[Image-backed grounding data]
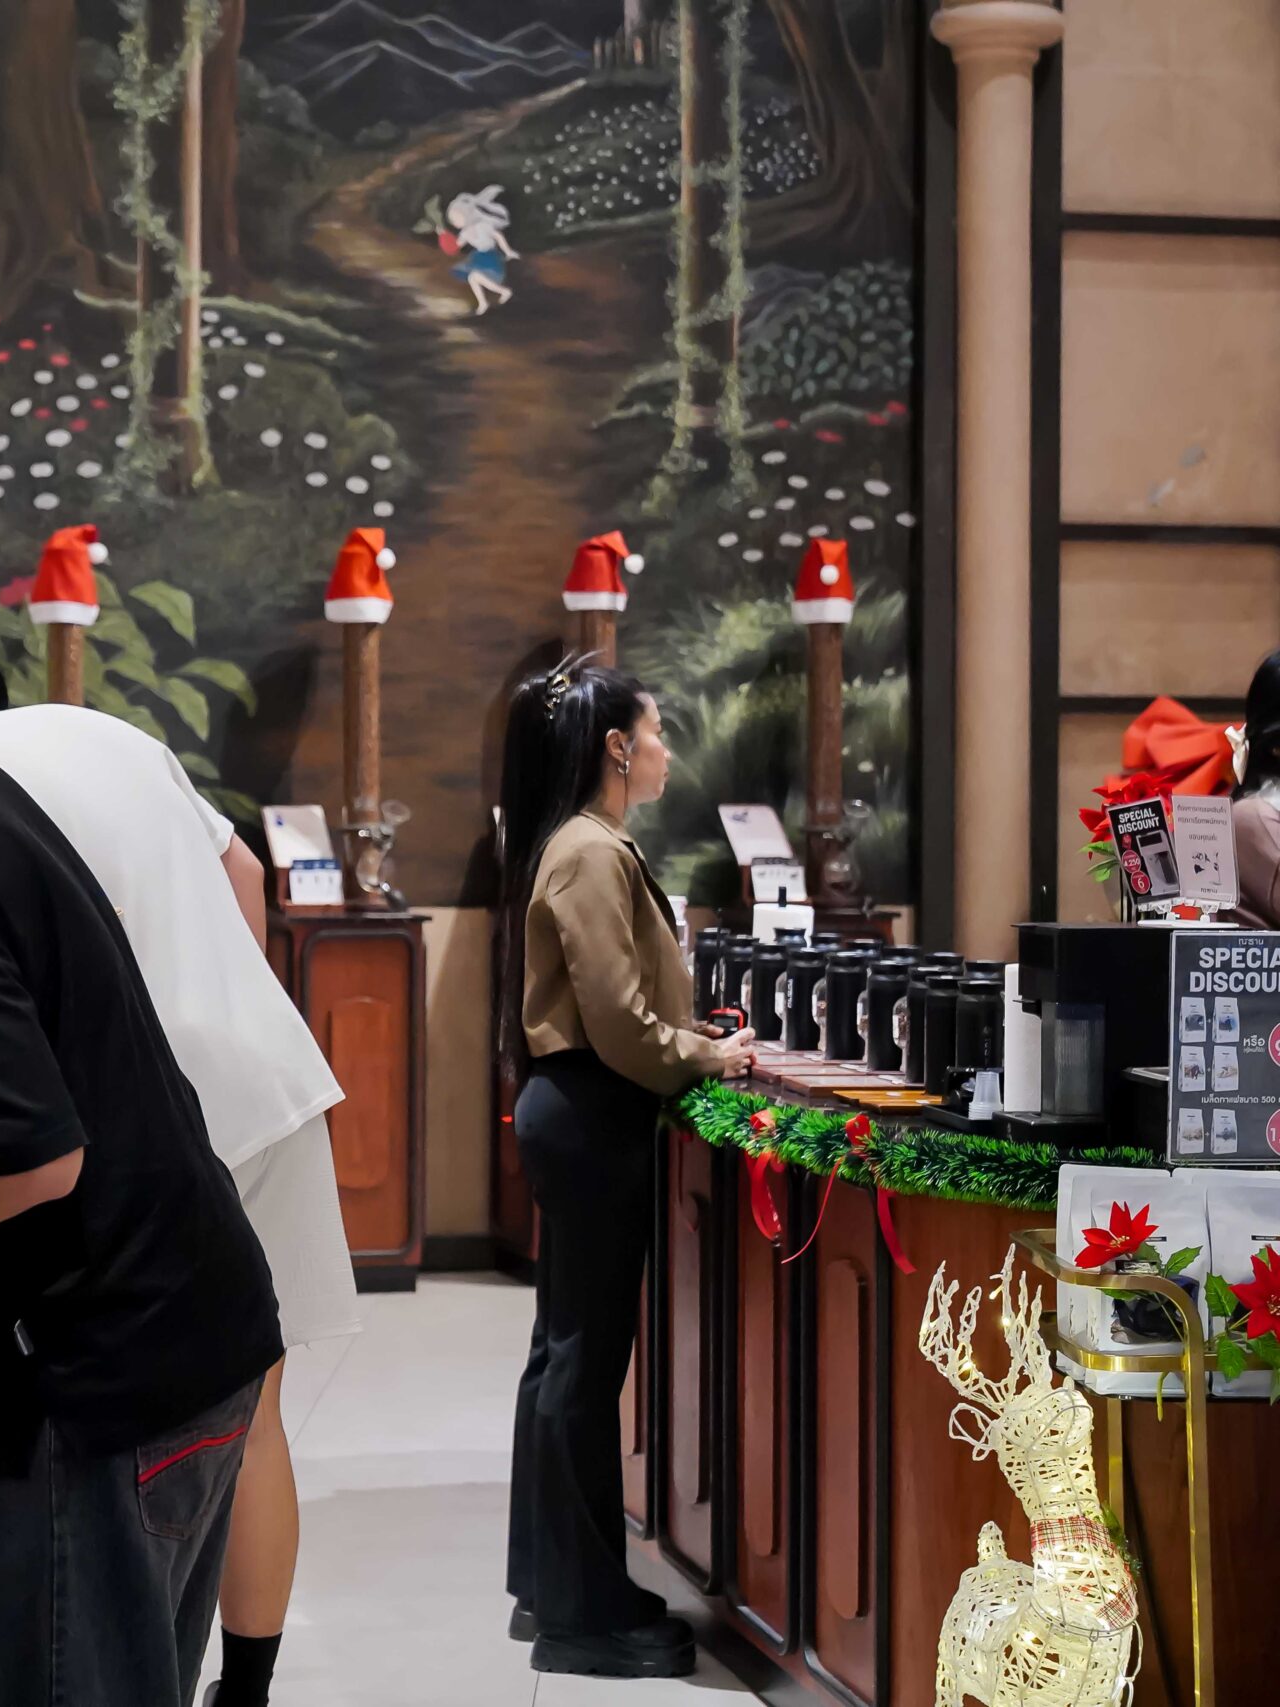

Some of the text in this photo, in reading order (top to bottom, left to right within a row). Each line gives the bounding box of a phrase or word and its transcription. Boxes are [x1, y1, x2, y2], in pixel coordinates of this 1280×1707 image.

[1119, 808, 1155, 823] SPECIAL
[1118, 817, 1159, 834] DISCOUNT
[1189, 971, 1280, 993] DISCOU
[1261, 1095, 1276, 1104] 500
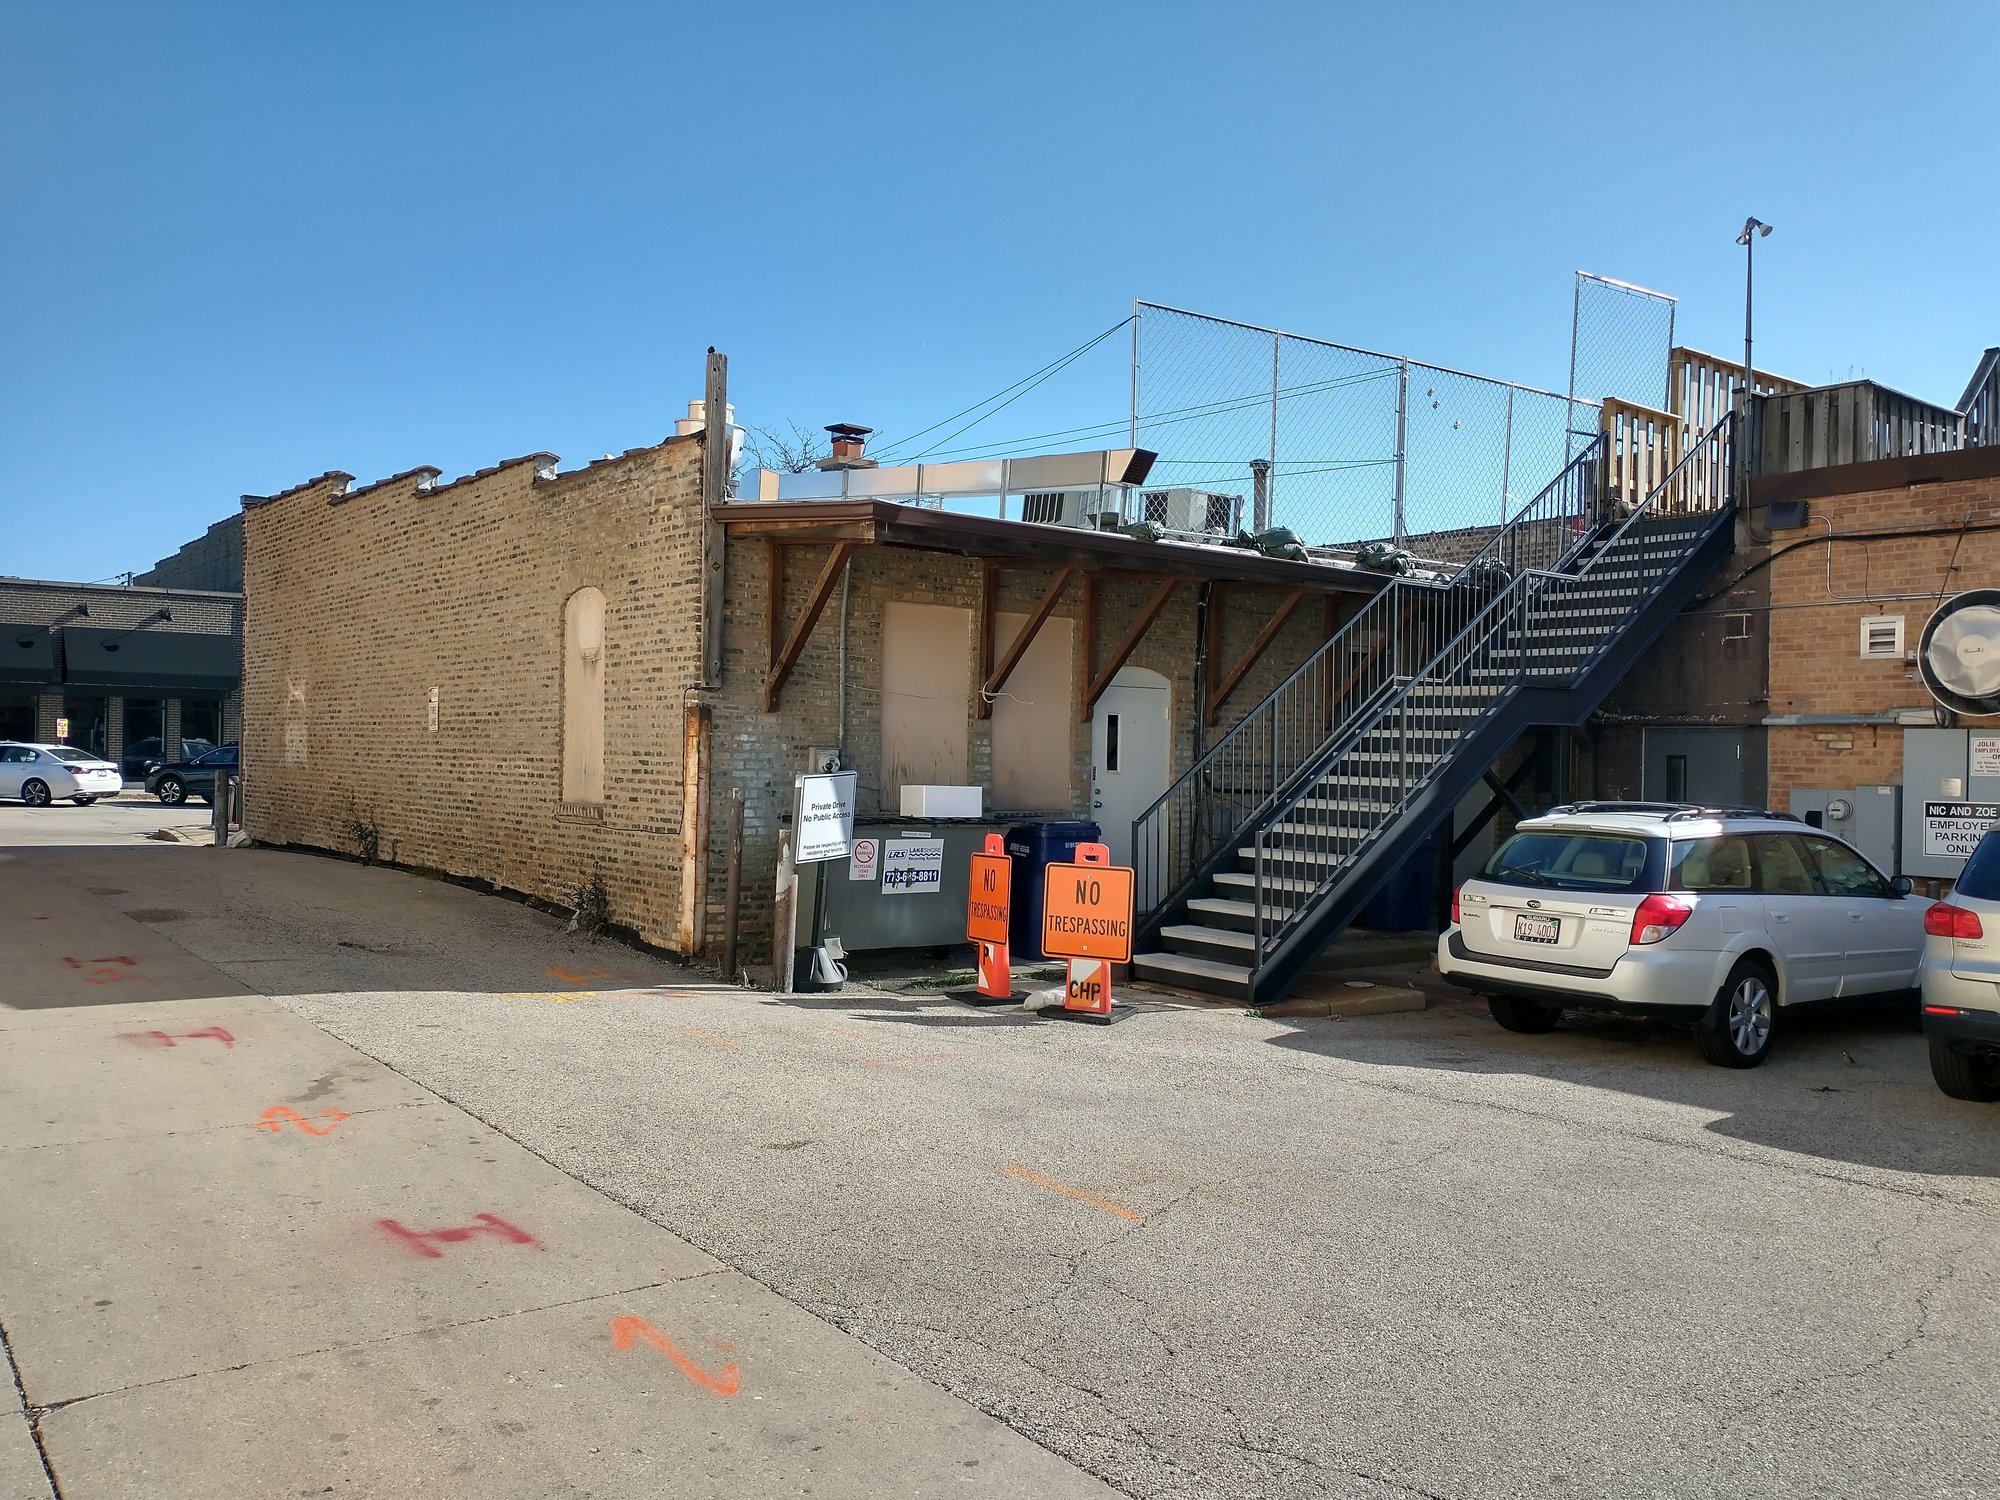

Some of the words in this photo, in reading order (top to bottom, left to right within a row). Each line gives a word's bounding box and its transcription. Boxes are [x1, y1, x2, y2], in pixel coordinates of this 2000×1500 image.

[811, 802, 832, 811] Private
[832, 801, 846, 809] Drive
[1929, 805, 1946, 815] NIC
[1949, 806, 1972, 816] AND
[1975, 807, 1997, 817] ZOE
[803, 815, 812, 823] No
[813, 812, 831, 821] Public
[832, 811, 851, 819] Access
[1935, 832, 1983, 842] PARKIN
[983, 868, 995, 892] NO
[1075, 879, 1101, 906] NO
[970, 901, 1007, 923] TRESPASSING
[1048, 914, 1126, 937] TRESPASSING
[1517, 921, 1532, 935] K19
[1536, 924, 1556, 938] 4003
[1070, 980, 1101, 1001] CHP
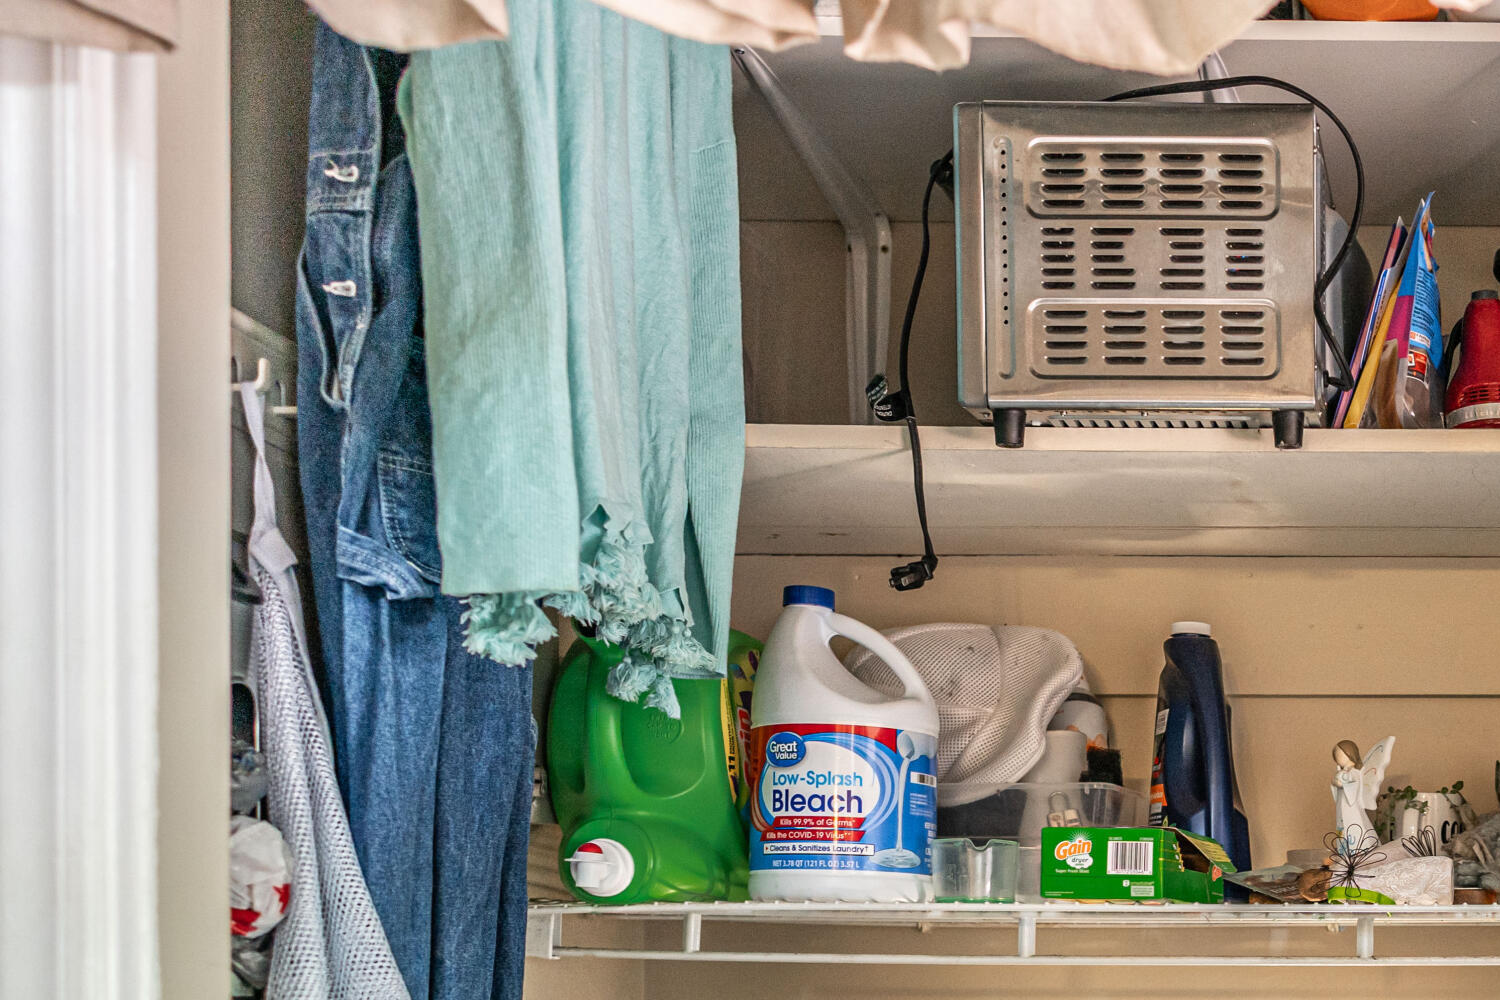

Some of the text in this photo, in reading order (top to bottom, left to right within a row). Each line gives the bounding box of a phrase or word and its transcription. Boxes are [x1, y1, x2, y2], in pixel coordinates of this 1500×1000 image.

What the task requires:
An exact restatement of the entries above is needed; no picture may appear in it.

Answer box:
Some of the text in this photo, in reading order (top to bottom, left to right within a row). Each line gives the bounding box of a phrase or word and its transcription. Boxes are [x1, y1, x2, y2], in pixel coordinates of this 1280×1707 image.

[1119, 808, 1155, 823] SPECIAL
[1118, 817, 1159, 834] DISCOUNT
[1189, 971, 1280, 993] DISCOU
[1261, 1095, 1276, 1104] 500

Some of the words in this photo, in reading order (top to bottom, left to right within a row). Each line gives a word's bounding box and its transcription. Boxes are [x1, y1, x2, y2], in pixel coordinates of this 2000×1500 image.

[811, 802, 832, 811] Private
[832, 801, 846, 809] Drive
[1929, 805, 1946, 815] NIC
[1949, 806, 1972, 816] AND
[1975, 807, 1997, 817] ZOE
[803, 815, 812, 823] No
[813, 812, 831, 821] Public
[832, 811, 851, 819] Access
[1935, 832, 1983, 842] PARKIN
[983, 868, 995, 892] NO
[1075, 879, 1101, 906] NO
[970, 901, 1007, 923] TRESPASSING
[1048, 914, 1126, 937] TRESPASSING
[1517, 921, 1532, 935] K19
[1536, 924, 1556, 938] 4003
[1070, 980, 1101, 1001] CHP

Some of the text in this photo, in reading order (top to bottom, left to right within a row). Each line gives the bounding box of a phrase or word and its transcription. Boxes are [x1, y1, x2, y2], in pixel coordinates of this 1500×1000 image.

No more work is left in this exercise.